Una carrellata di trasposizioni cinematografiche e televisive di epidemie in salsa fantascientifica per indagare l'immaginario legato ai virus

Da sempre i virus letali offrono uno strumento narrativo potente, impiegato in mille modi da autori di epoche diversissime. Almeno per averli incontrati durante il nostro percorso scolastico, ci dovremmo se non altro ricordare del Decamerone di Giovanni Boccaccio, una raccolta di novelle che dieci ragazzi e ragazze della Firenze bene si inventano per scacciare la noia dell’isolamento in campagna per sfuggire alla peste del 1348. O almeno del ruolo che gioca ne I Promessi Sposi la peste che ha colpito Milano nel 1630, con le autorità spagnole che, secondo Alessandro Manzoni, avevano un po’ preso sotto gamba l’emergenza. (Se volete farvi un’idea della questione da un punto di vista storico potete anche leggere il saggio, sempre di Manzoni, Storia della colonna infame che racconta il processo a due presunti untori, oppure potete vedere il film che nel 1973 Nelo Risi ne ha tratto).

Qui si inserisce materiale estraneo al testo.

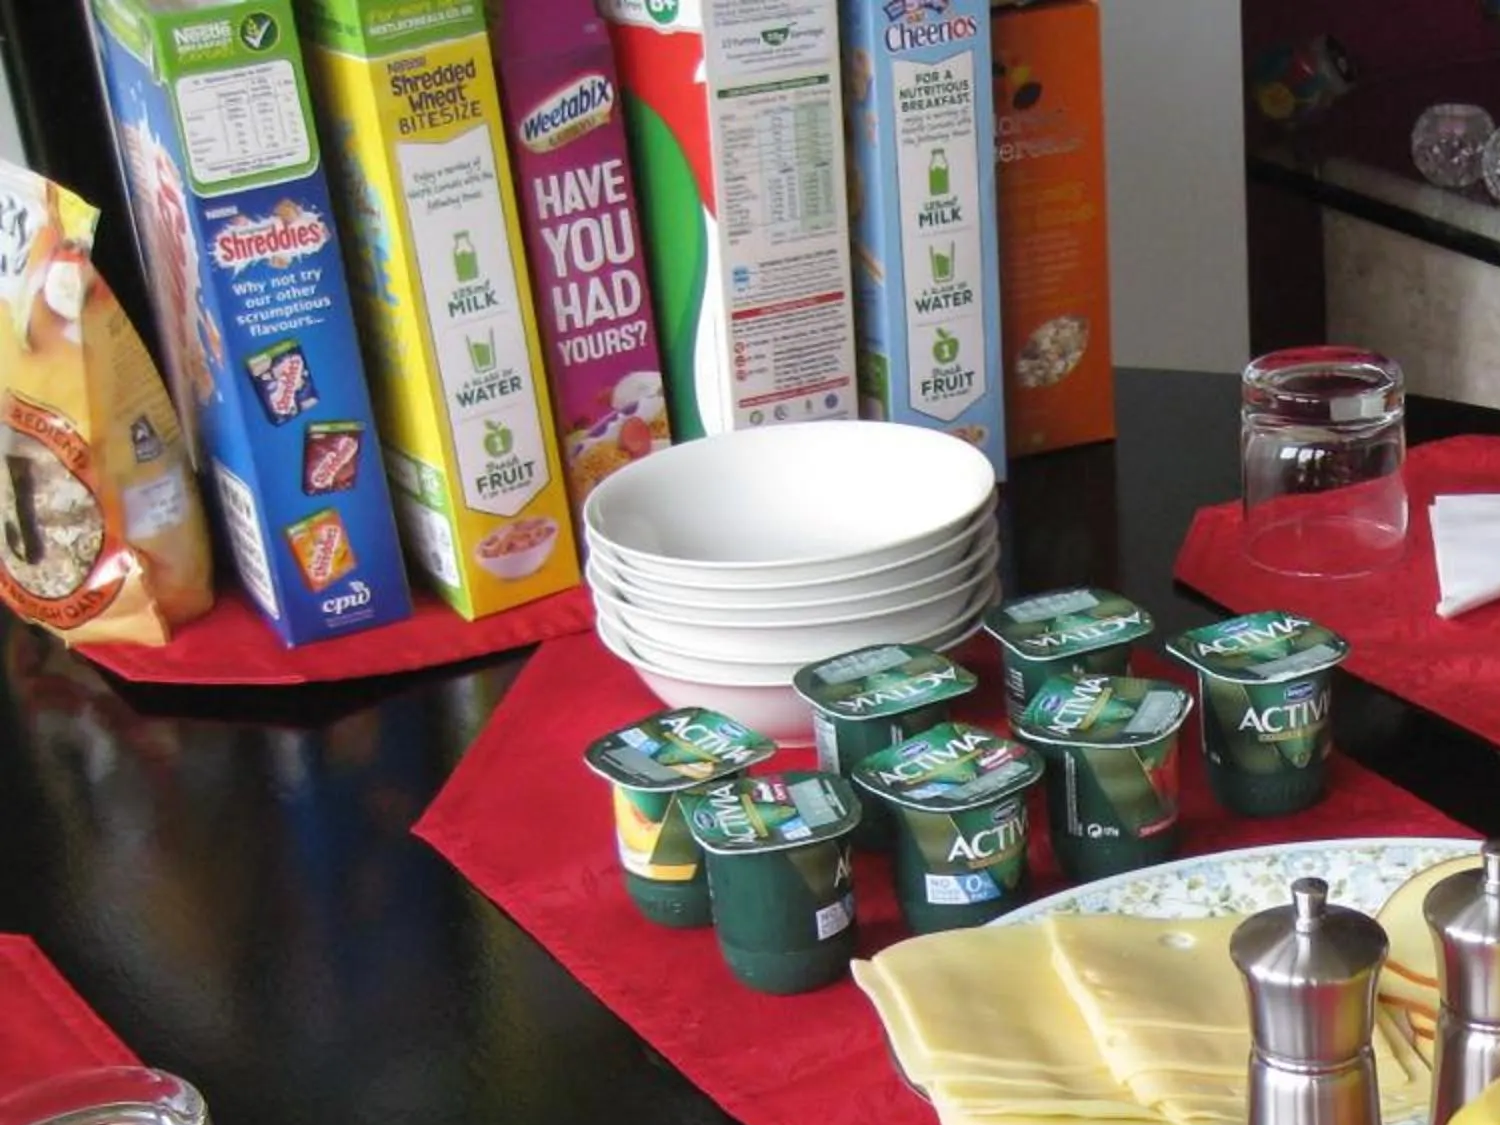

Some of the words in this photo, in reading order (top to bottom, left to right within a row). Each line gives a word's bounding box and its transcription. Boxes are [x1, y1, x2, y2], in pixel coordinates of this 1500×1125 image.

[885, 16, 977, 52] Cheerios
[391, 58, 476, 96] Shredded
[899, 80, 969, 100] NUTRITIOUS
[916, 72, 939, 84] FOR
[944, 70, 953, 80] A
[408, 83, 467, 113] Wheat
[524, 79, 611, 141] Weetabix
[901, 92, 970, 112] BREAKFAST
[399, 100, 482, 135] BITESIZE
[534, 159, 627, 220] HAVE
[918, 207, 962, 229] MILK
[220, 220, 322, 262] Shreddies
[541, 207, 635, 278] YOU
[232, 281, 266, 295] Why
[271, 274, 296, 287] not
[300, 267, 322, 282] try
[245, 295, 271, 309] our
[276, 285, 316, 302] other
[236, 296, 332, 325] scrumptious
[448, 291, 499, 318] MILK
[552, 269, 641, 333] HAD
[915, 289, 974, 314] WATER
[557, 320, 648, 367] YOURS?
[456, 375, 522, 408] WATER
[921, 370, 975, 396] FRUIT
[475, 461, 536, 494] FRUIT
[1022, 611, 1141, 648] ACTIVIA
[1198, 616, 1311, 657] ACTIVIA
[835, 665, 957, 713] ACTIVIA
[1048, 676, 1110, 737] ACTIVIA
[658, 716, 755, 764] ACTIVIA
[879, 732, 993, 787] ACTIVIA
[706, 783, 759, 844] ACTIVIA
[947, 807, 1028, 863] ACTIV
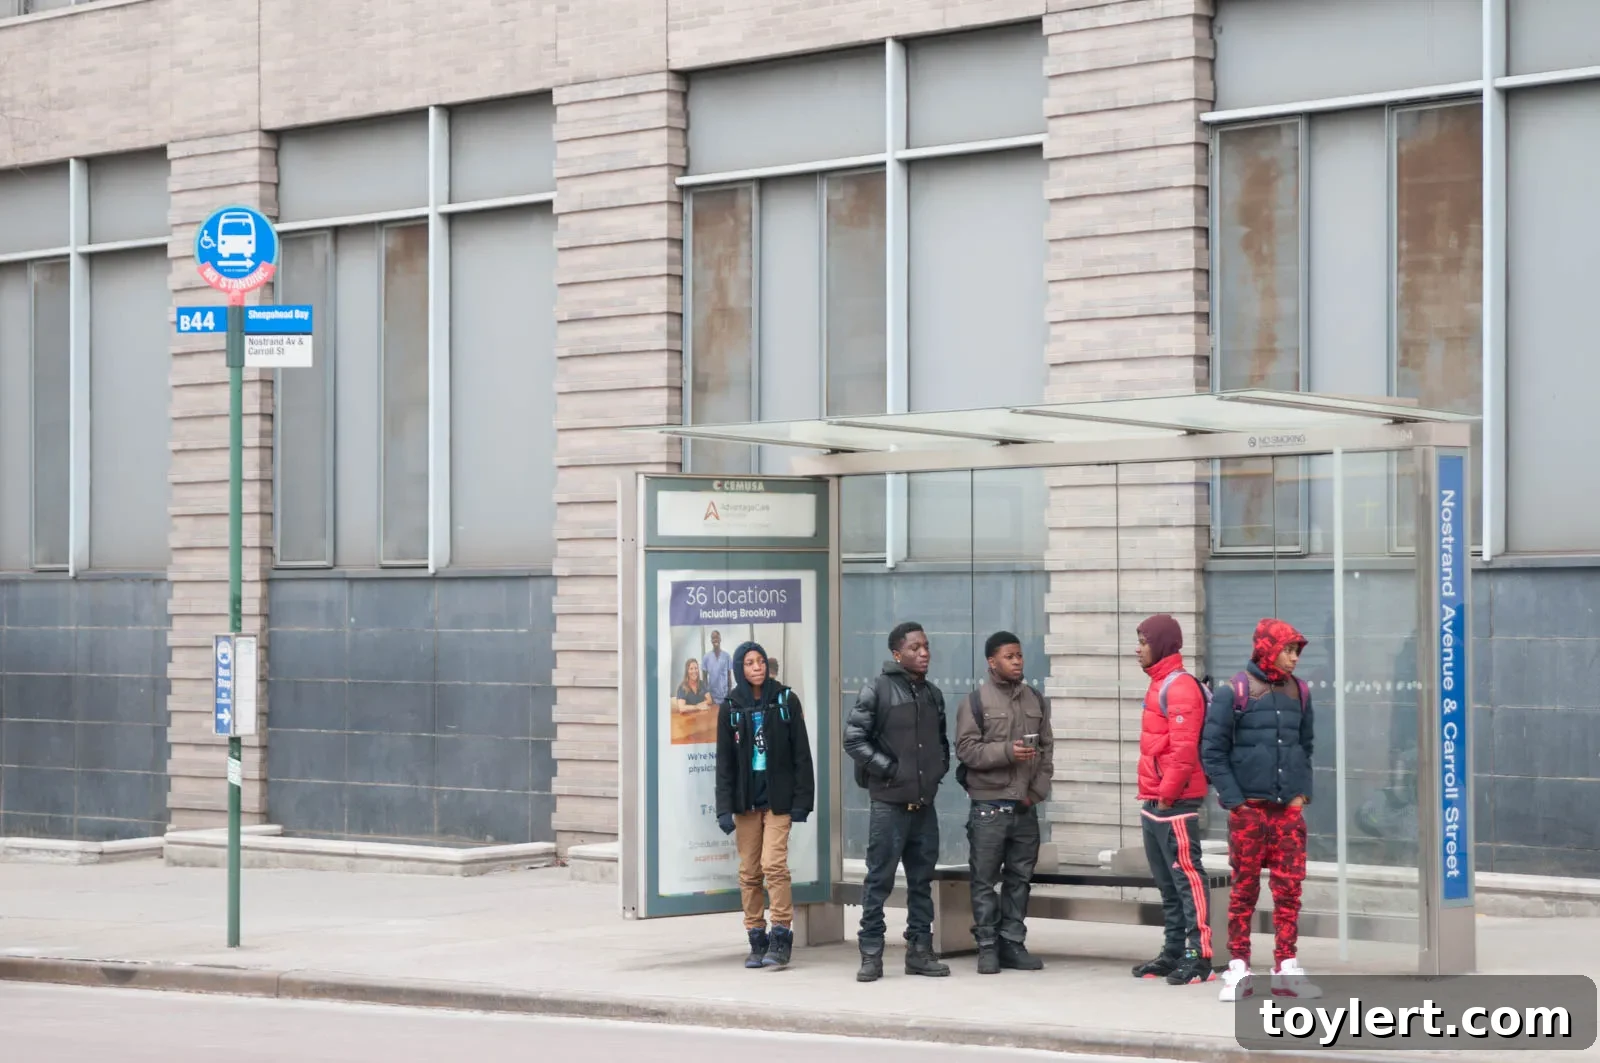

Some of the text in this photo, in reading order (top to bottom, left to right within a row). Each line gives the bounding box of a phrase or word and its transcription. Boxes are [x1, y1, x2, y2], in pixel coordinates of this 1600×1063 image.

[203, 266, 269, 289] NO STANDING
[295, 309, 309, 320] Bay
[180, 311, 216, 331] B44
[248, 337, 304, 346] Nostrand Av &
[248, 346, 285, 356] Carroll St
[724, 480, 765, 492] CEMUSA
[686, 585, 788, 605] 36 locations
[740, 608, 777, 618] Brooklyn
[1441, 490, 1460, 877] Nostrand Avenue & Carroll Street
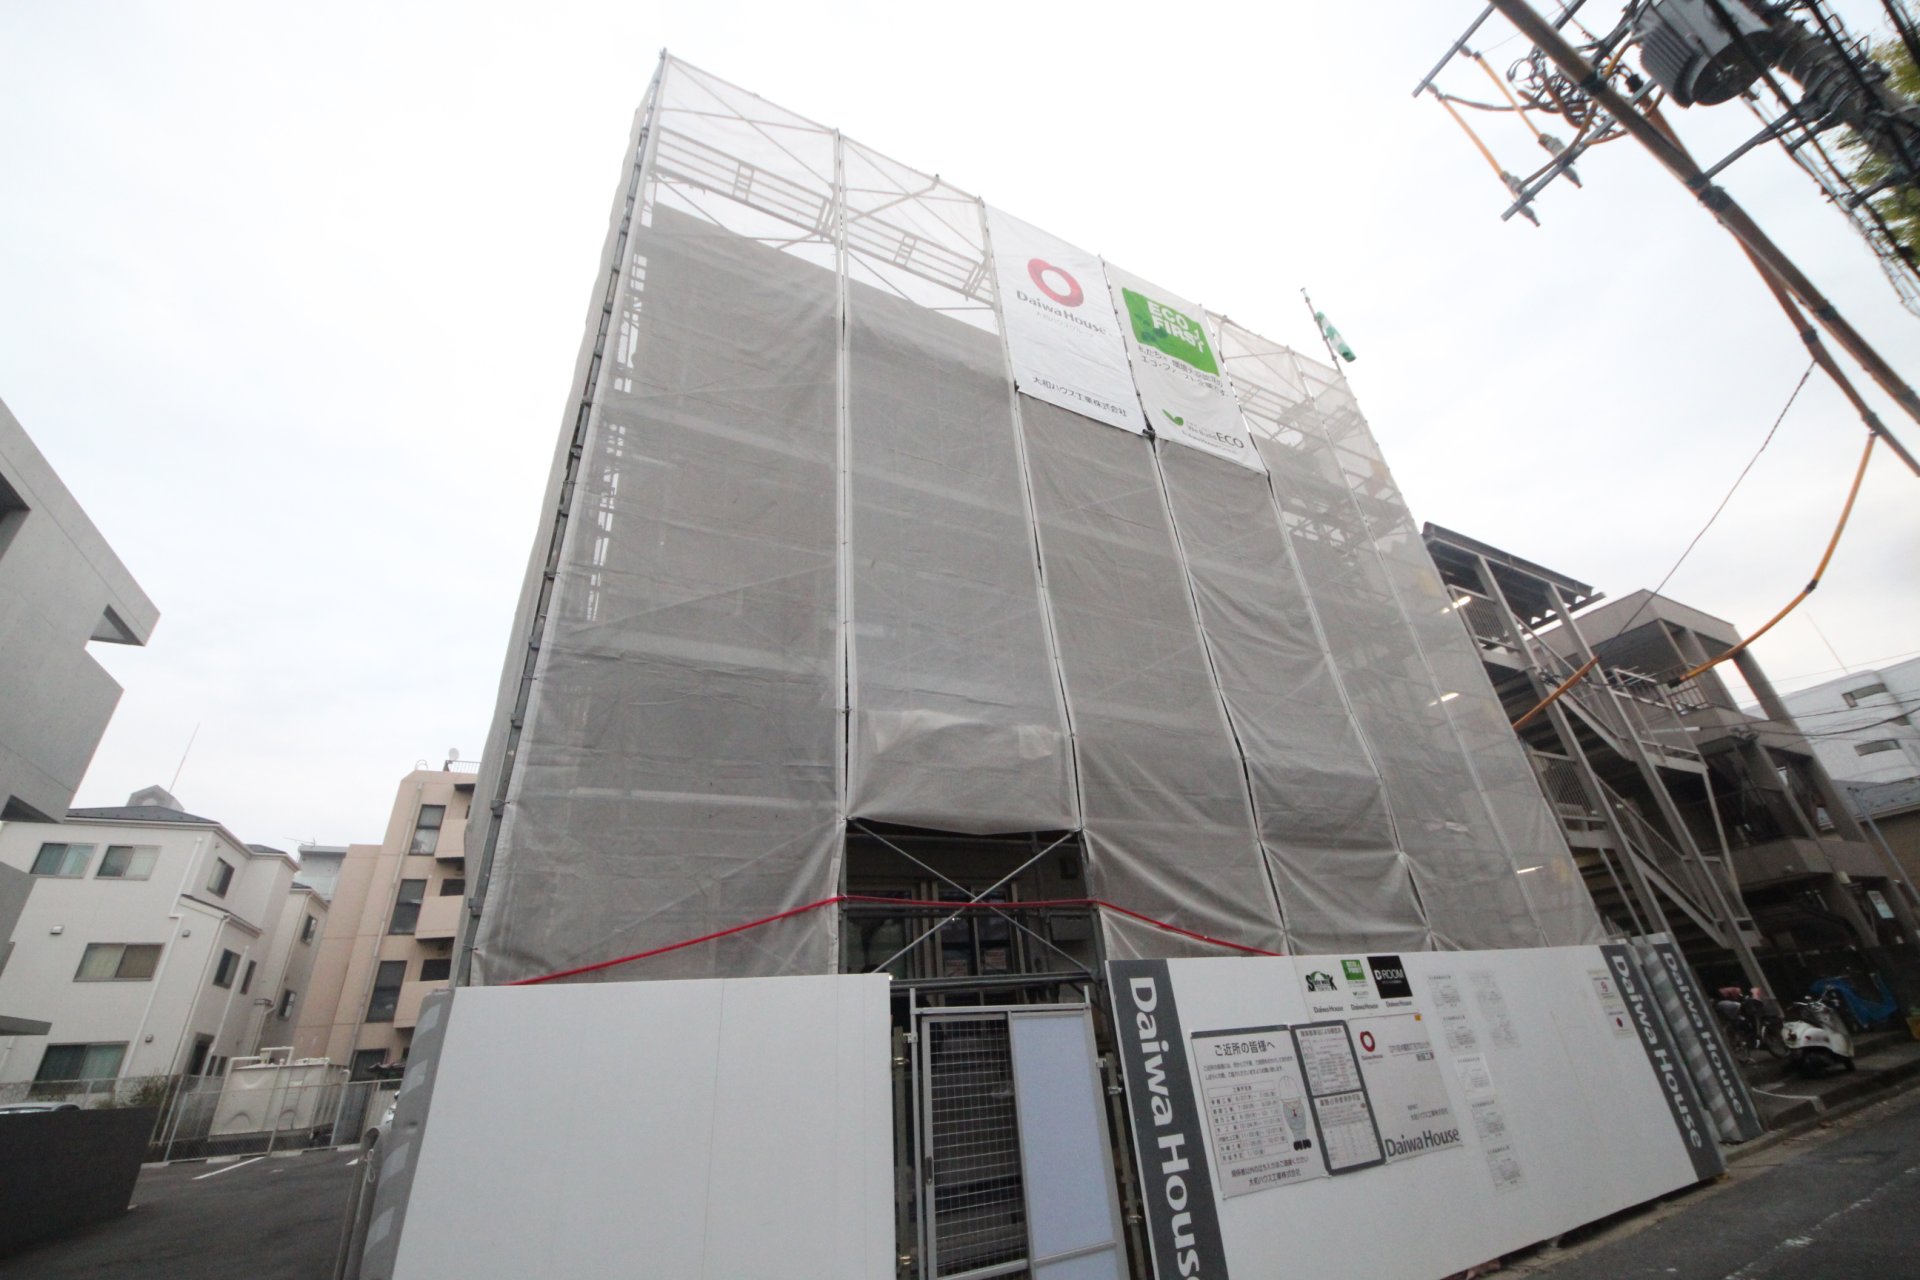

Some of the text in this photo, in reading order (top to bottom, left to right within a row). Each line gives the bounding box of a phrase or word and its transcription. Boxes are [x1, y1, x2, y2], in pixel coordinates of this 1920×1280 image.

In questi giorni di grande attenzione mediatica sul coronavirus che ha colpito anche l’Italia, seguita attentamente da Giancarlo Sturloni, siamo andati a ripescare cinque film che si occupano di epidemie. La scelta è apparentemente sterminata, soprattutto nell’ambito più fantasy, dove i virus possono essere usati come arma o metafora di una invasione invisibile, e per questo molto più spaventosa di un esercito in marcia. Ne sono esempi La quinta onda di J Blakeson (2013) e Maze Runner: La Rivelazione di Wes Ball (2018).

Virus seriali

Terreno ancora più fertile per le epidemie si trova nel mondo delle serie tv. Per esempio, c’è una bellissima miniserie prodotta da National Geographic che soddisfa chi è alla ricerca di ricostruzioni storiche accurate. The Hot Zone, uscita lo scorso anno, racconta l’epidemia di ebola che ha colpito l’Africa centrale nel 1989. Dalla grande offerta per il piccolo schermo,  abbiamo selezionato solamente alcune serie di qualità.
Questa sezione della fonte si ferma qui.